Vampire Bats
The vampire bats are the only mammals in the world that live on blood alone, and the unique challenges of that diet make them some of the most specialized, fascinating and downright weird animals that nature has to offer.
vampire bats
For many centuries now, the Bats are firmly rooted in Western vampire lore, as ugly blood drinking creatures though only three species, out of some 1100 in the order Chiroptera, actually have a taste for blood.

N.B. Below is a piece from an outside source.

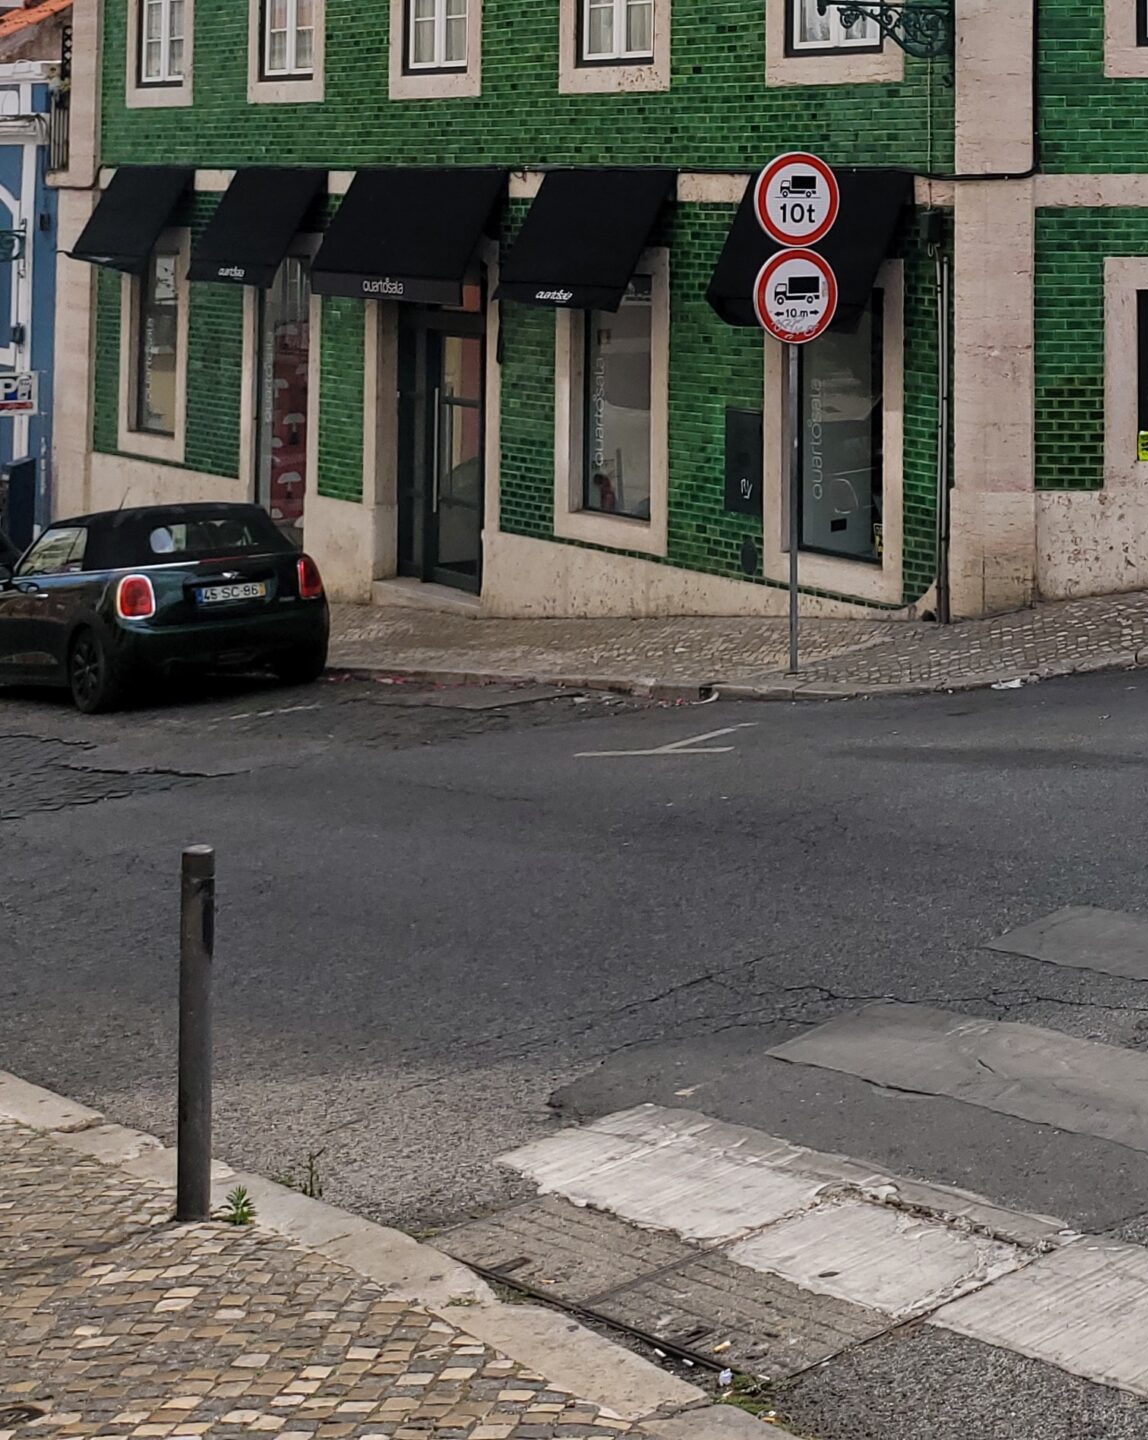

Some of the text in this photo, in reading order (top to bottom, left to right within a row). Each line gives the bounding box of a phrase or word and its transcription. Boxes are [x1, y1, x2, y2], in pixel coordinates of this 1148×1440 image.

The common vampire feeds primarily on the blood of mammals —ranging from tapirs to horses to the occasional human—and seems to have a preference for livestock animals. The hairy-legged vampire, meanwhile, lives almost exclusively on bird blood, while the white-winged vampire is more versatile and drinks from both birds and mammals.
Evolution of Blood Drinking Habit
The bat can drink up to half its weight in blood a day unlike other relatives, which dine on fruit, nectar or insects. When the bats feed, they use their highly evolved teeth to shear away hair or feathers from a small spot and then cut into their victim’s flesh with their sharp incisors. Rather than actively suck the blood from the wound like their namesakes, the bats let the physics of capillary action do the work. They lap at the blood and specialized grooves on their lips, tongues, and/or roof or their mouths suction it up. A protein in the bats’ saliva called a plasminogen activator prevents the blood from clotting and keeps it flowing freely while they drink.
Blood is low in nutrients and can harbour deadly viruses. The researchers say the bat’s gut microbes are also distinct. They found evidence of more than 280 types of bacteria in the bat’s droppings that would have made most other mammals unwell.
“The data suggests that there is a close evolutionary relationship between the gut microbiome and the genome of the vampire bat for adaptation to sanguivory (feeding exclusively on blood),” said study author, Dr Marie Zepeda Mendoza of the University of Copenhagen in Denmark.
Vampire bats have key differences in genes involved in immunity and food metabolism compared with other bats. International researchers analysed both the genome of the vampire bat and its microbiome – the microorganisms that live inside the gut. They found that genome size was similar to that of other bats but the genome contained more “jumping genes” (DNA sequences that change position in the genome).
These were found in areas involved in immune response, viral defence, and both lipid and vitamin metabolism, suggesting they have played a key role in the evolution of the bat’s specialised diet. The microbiome of vampire bats is completely distinct from that of nectar-feeding, fruit-eating, and meat-eating bats, they say.
The researchers argue that microorganisms in the bat’s gut may also be involved in digestion, immunity and overall health, and have evolved alongside changes in the genome. “Adaptation to specialised diets often requires modifications at both genomic and microbiome levels,” they say in the journal, Nature Ecology and Evolution.